Um den alten Grafikstil möglichst korrekt nachzuahmen, müssen wir zunächst das Original verstehen. Interessanterweise werden heute, wenn auch mit besseren Tools, vergessen geglaubte Techniken eingesetzt. Etwa das Pixeln, aber auch ASCII und ANSI-Kunst erfreut sich zunehmender Beliebtheit. Cracktros werden in Originalspiele eingebaut, Textscroller haben Konjunktur und selbst bei Musik und Soundeffekten wird versucht, alte Geräte zu imitieren.
ASCII-Kunst
Dabei handelt es sich um die Kunst, aus dem normalen Zeichensatz Grafiken zu erstellen. Wichtig ist, dass der Abstand aller Zeichen stets gleich ist. Vorteilhaft ist es, wenn die Schrift pixelig aussieht. Etwa wie der Textmodus unter DOS.

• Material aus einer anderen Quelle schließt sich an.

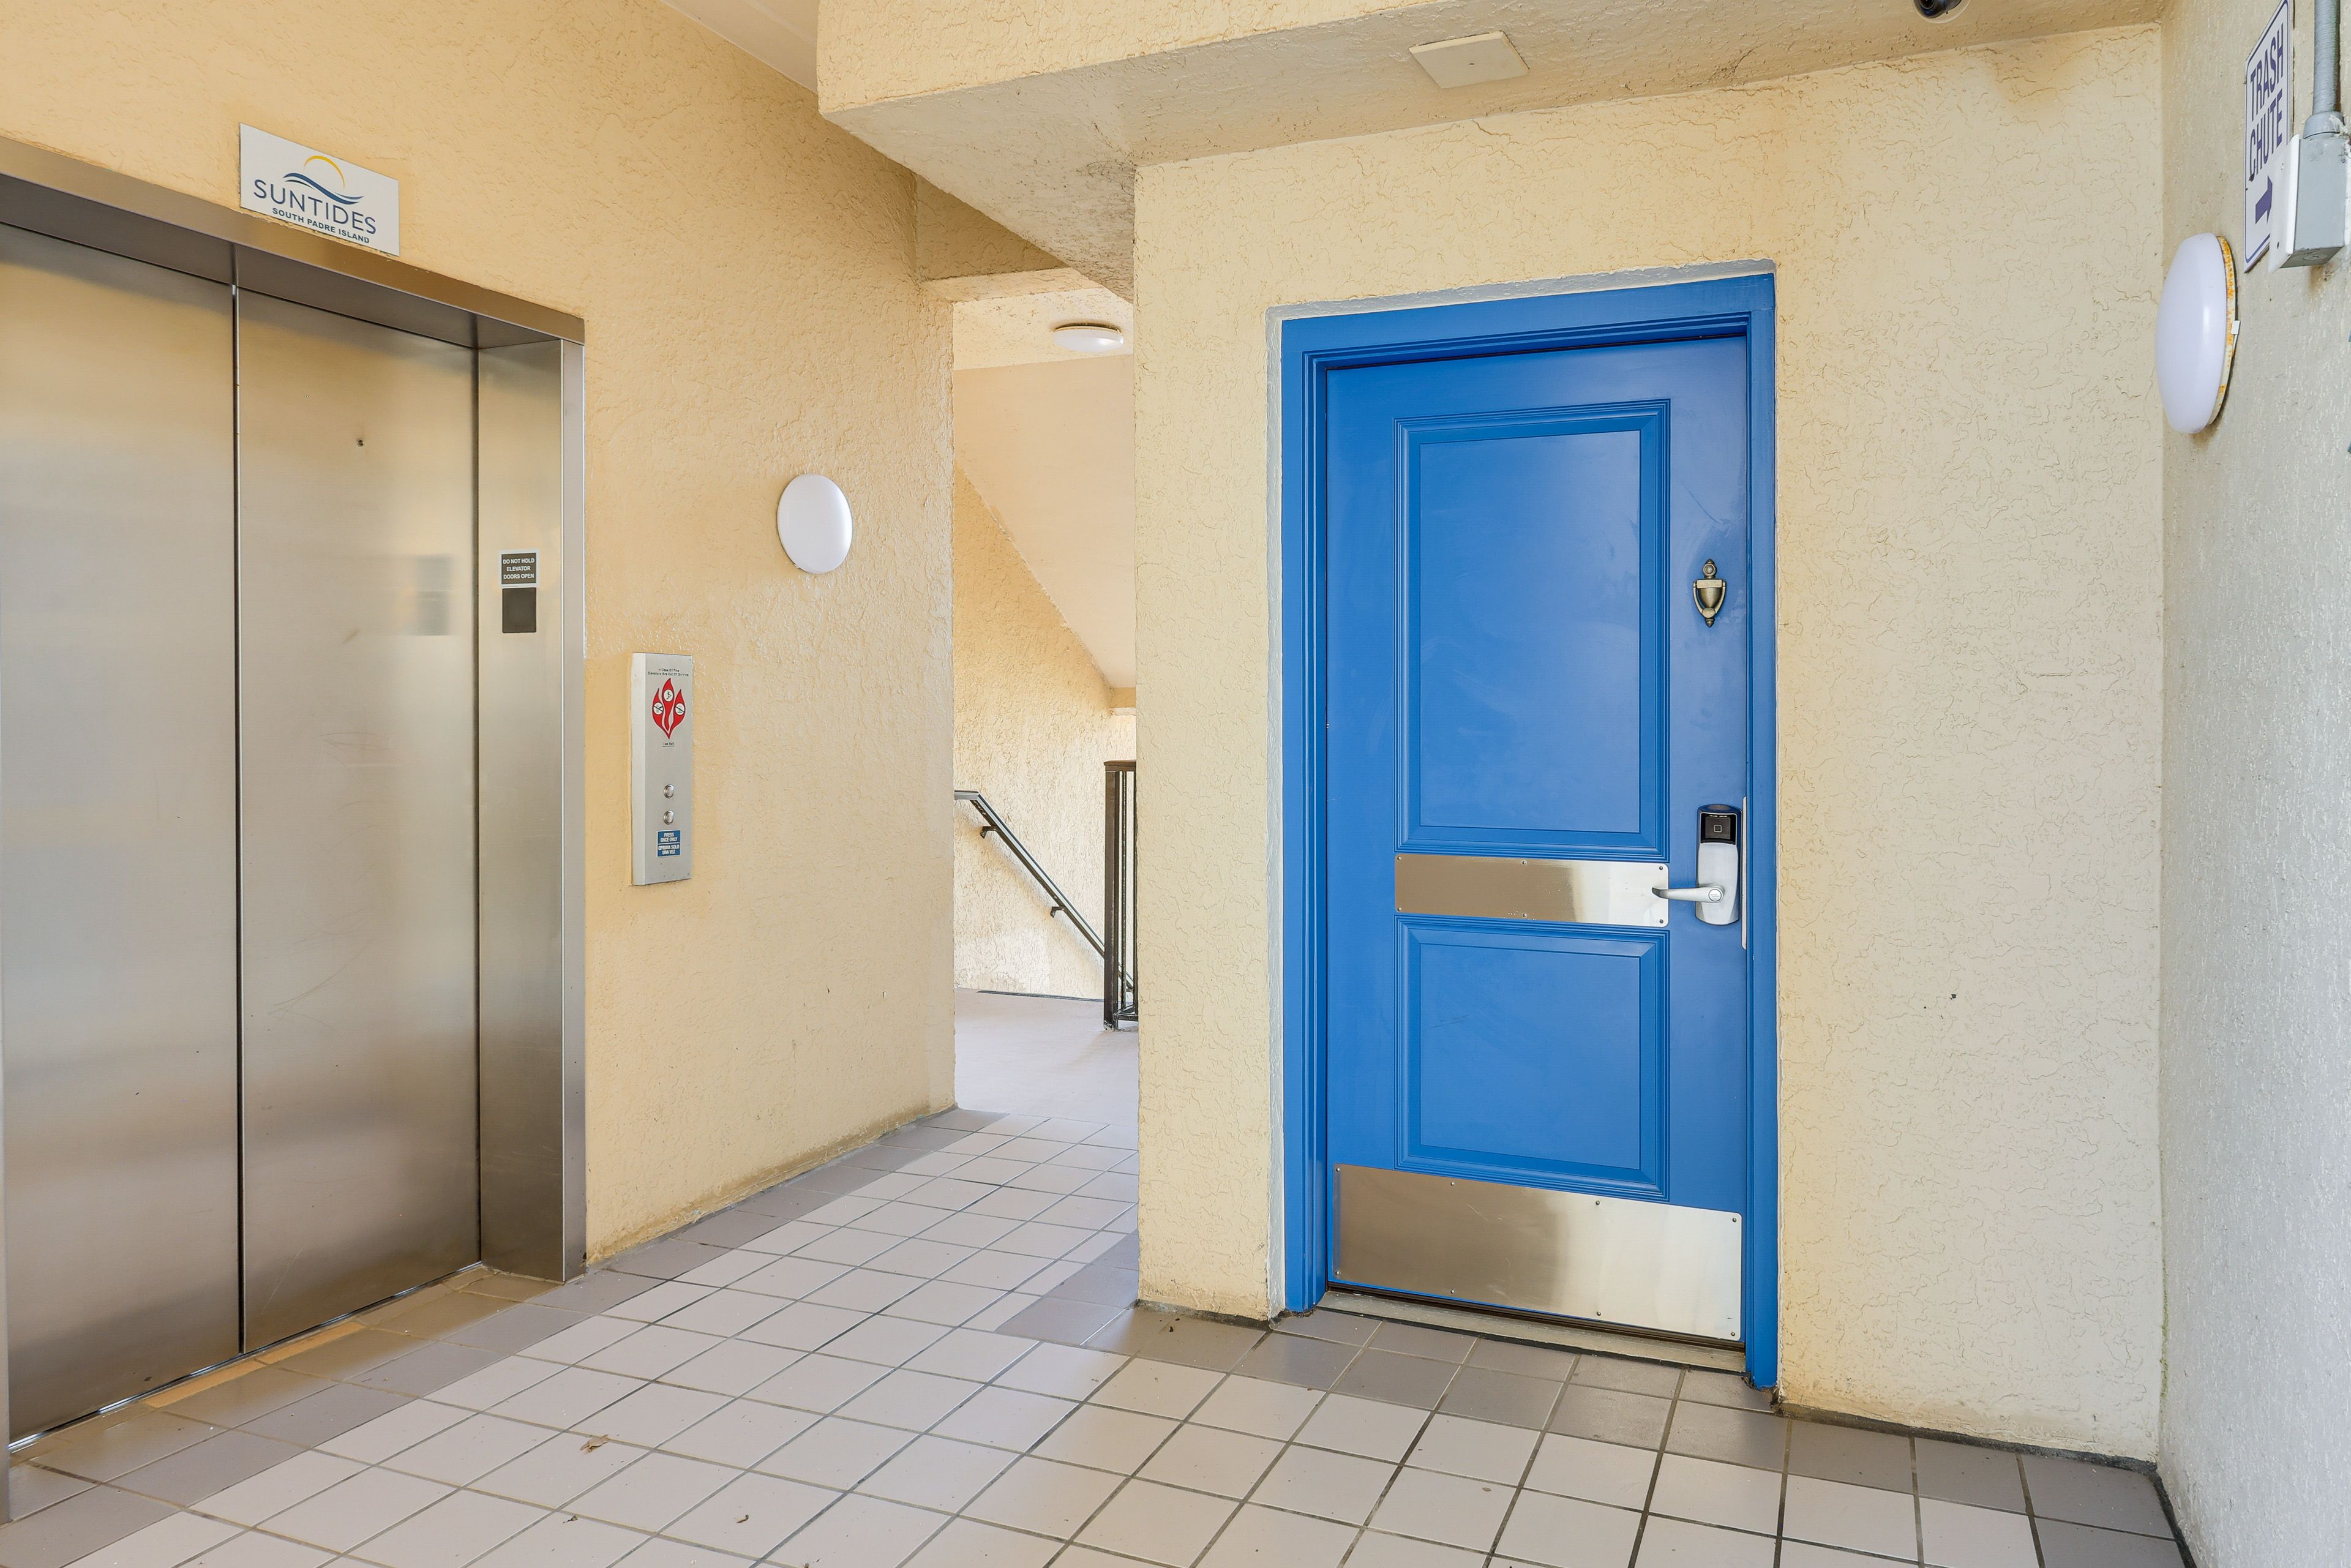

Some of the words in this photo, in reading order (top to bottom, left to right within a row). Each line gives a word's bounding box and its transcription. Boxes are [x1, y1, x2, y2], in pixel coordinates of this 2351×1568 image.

[2250, 22, 2284, 122] TRASH
[2249, 88, 2283, 180] CHUTE
[253, 179, 377, 234] SUNTIDES
[272, 207, 304, 223] SOUTH
[307, 218, 336, 233] PADRE
[338, 228, 370, 244] ISLAND

Bis vor wenigen Jahren kannte man dies vor allem noch von Signaturen in Foren. Ganz früher wurden im Textmodus ganze Spielewelten gezeichnet oder die Spiele fanden sogar komplett in Textform statt, etwa bei Textadventuren.

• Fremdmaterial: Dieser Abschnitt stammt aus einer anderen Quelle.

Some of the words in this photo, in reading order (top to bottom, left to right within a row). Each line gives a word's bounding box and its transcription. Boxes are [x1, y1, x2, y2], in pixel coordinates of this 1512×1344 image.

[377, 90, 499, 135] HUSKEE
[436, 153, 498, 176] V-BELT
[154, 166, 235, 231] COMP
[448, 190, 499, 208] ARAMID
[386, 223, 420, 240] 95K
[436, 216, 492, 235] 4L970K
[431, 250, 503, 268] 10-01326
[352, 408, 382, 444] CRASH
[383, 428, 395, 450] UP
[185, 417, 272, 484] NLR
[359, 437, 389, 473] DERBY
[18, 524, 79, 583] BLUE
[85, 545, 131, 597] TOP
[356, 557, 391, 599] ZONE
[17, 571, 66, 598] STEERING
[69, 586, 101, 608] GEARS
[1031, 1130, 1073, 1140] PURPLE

Als die Heimcomputer Grafikmodi hatten, nutzte man die ASCII-Kunst in Textdateien, etwa der Spielebeschreibung. Manche brachten nach dem Spiel noch ein hübsches Logo, sobald es unter DOS in den Textmodus ging. Teilweise waren diese sogar farbig.
Selbst heute gibt es hierfür Anwendungsbeispiele. Im simpelsten Fall lassen sich Logos und Überschriften in einer readme.txt einbinden. Ob die bei Steam-Spielen jemals gelesen werden, steht in den Sternen. Doch man kann, eine gute Schriftart vorausgesetzt, ASCII als Stilmittel im Spiel einbauen. Wenn bspw. das ganze Spiel wie im Textmodus aussehen soll. Hierbei gilt es zu beachten, dass 80 Zeichen breite sowie klassische Graustufen als authentisch angesehen werden. Je feiner die Textgrafik aufgelöst wird, etwa durch Foto zu ASCII Konverter, umso unechter wirkt das Resultat.
ANSI-Kunst
Manche würden es als eine Weiterentwicklung der ASCII-Art bezeichnen. Zunächst wurden sie vorwiegend in BBS (Bulletin Board Systems) verwendet.
Aufgrund von weiteren Sonderzeichen und Farben kann man sich hier kreativer austoben, allerdings wirken viele der Bilder aufgrund von grellen Farben, als wäre eine Tüte Smarties explodiert. Die meisten Grafiken der Szene wirken wie eine sehr verpixelte Form von Mangas oder zumindest Comics. Das muss man mögen.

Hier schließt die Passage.